- **Exercise**
Your answer should be the records, restated word for word.

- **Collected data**
☆ ☆ ☆
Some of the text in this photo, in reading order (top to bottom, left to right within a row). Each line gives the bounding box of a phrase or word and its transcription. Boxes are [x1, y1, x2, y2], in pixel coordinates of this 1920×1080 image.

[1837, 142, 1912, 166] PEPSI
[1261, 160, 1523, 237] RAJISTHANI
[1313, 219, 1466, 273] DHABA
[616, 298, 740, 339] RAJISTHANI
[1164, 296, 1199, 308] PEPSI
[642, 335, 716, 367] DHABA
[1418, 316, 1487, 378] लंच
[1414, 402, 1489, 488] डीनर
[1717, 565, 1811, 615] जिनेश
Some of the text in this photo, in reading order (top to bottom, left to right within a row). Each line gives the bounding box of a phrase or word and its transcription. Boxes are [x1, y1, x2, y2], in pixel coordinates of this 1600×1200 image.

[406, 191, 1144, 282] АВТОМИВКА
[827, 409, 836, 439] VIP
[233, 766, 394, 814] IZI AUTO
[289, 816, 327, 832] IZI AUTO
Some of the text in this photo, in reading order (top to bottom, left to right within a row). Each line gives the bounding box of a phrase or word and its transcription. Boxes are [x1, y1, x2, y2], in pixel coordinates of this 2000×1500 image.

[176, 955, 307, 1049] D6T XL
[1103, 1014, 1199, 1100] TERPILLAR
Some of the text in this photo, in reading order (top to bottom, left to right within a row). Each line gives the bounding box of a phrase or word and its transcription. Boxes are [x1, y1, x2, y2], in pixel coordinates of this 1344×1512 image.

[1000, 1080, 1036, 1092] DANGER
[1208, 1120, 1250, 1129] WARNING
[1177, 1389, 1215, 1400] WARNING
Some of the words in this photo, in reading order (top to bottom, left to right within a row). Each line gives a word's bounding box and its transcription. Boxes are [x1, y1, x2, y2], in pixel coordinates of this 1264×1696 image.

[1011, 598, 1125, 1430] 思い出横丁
☆ ☆ ☆
- **Response to the exercise**
Some of the text in this photo, in reading order (top to bottom, left to right within a row). Each line gives the bounding box of a phrase or word and its transcription. Boxes are [x1, y1, x2, y2], in pixel coordinates of this 1920×1080 image.

[1837, 142, 1912, 166] PEPSI
[1261, 160, 1523, 237] RAJISTHANI
[1313, 219, 1466, 273] DHABA
[616, 298, 740, 339] RAJISTHANI
[1164, 296, 1199, 308] PEPSI
[642, 335, 716, 367] DHABA
[1418, 316, 1487, 378] लंच
[1414, 402, 1489, 488] डीनर
[1717, 565, 1811, 615] जिनेश
Some of the text in this photo, in reading order (top to bottom, left to right within a row). Each line gives the bounding box of a phrase or word and its transcription. Boxes are [x1, y1, x2, y2], in pixel coordinates of this 1600×1200 image.

[406, 191, 1144, 282] АВТОМИВКА
[827, 409, 836, 439] VIP
[233, 766, 394, 814] IZI AUTO
[289, 816, 327, 832] IZI AUTO
Some of the text in this photo, in reading order (top to bottom, left to right within a row). Each line gives the bounding box of a phrase or word and its transcription. Boxes are [x1, y1, x2, y2], in pixel coordinates of this 2000×1500 image.

[176, 955, 307, 1049] D6T XL
[1103, 1014, 1199, 1100] TERPILLAR
Some of the text in this photo, in reading order (top to bottom, left to right within a row). Each line gives the bounding box of a phrase or word and its transcription. Boxes are [x1, y1, x2, y2], in pixel coordinates of this 1344×1512 image.

[1000, 1080, 1036, 1092] DANGER
[1208, 1120, 1250, 1129] WARNING
[1177, 1389, 1215, 1400] WARNING
Some of the words in this photo, in reading order (top to bottom, left to right within a row). Each line gives a word's bounding box and its transcription. Boxes are [x1, y1, x2, y2], in pixel coordinates of this 1264×1696 image.

[1011, 598, 1125, 1430] 思い出横丁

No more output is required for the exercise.